#### What you will do
Restate all entries exactly. Skip the images.

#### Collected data
BEGIN

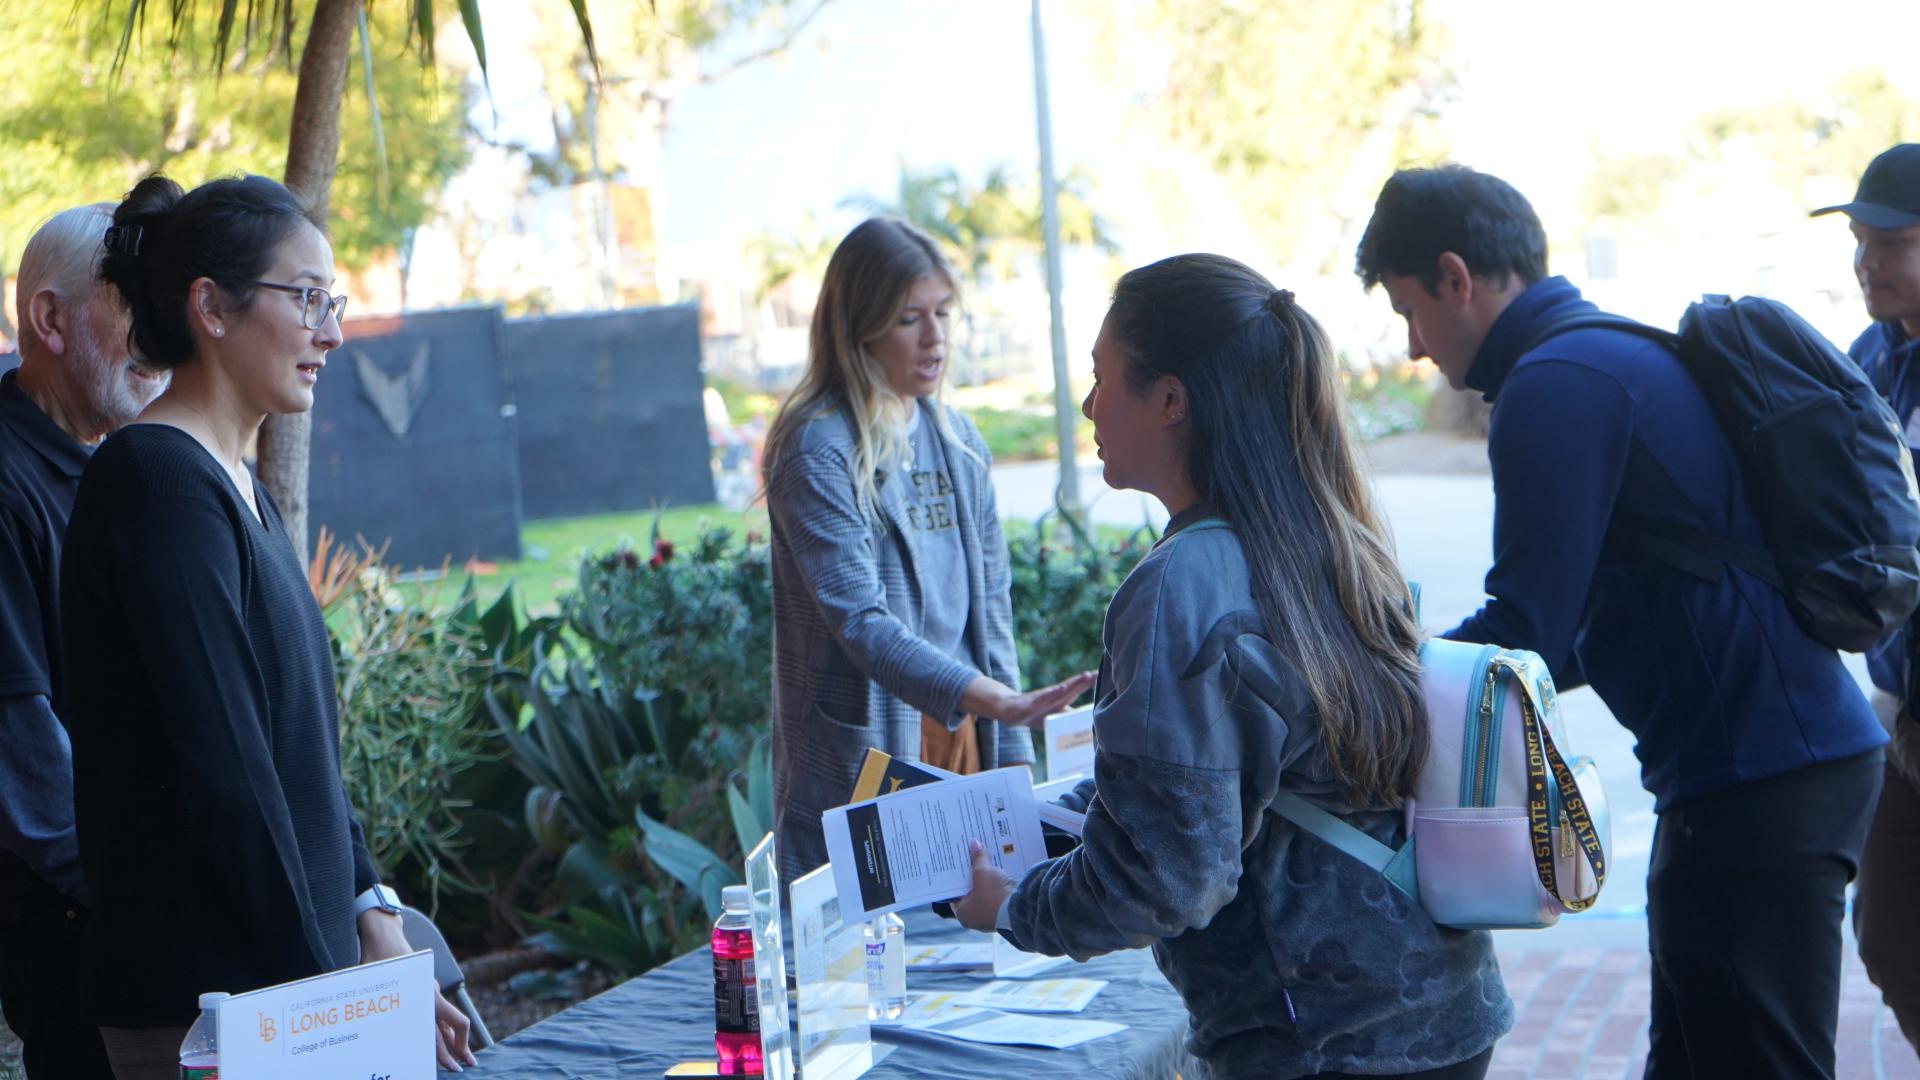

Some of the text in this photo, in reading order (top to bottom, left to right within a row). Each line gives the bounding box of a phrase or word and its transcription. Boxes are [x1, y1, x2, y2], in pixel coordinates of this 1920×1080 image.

[1527, 731, 1545, 777] LONG
[1546, 744, 1577, 796] BEACH
[290, 980, 399, 1012] CALIFORNIA STATE UNIVERSITY
[290, 992, 401, 1034] LONG BEACH
[291, 1032, 359, 1055] College of Business

END

#### Output
Some of the text in this photo, in reading order (top to bottom, left to right within a row). Each line gives the bounding box of a phrase or word and its transcription. Boxes are [x1, y1, x2, y2], in pixel coordinates of this 1920×1080 image.

[1527, 731, 1545, 777] LONG
[1546, 744, 1577, 796] BEACH
[290, 980, 399, 1012] CALIFORNIA STATE UNIVERSITY
[290, 992, 401, 1034] LONG BEACH
[291, 1032, 359, 1055] College of Business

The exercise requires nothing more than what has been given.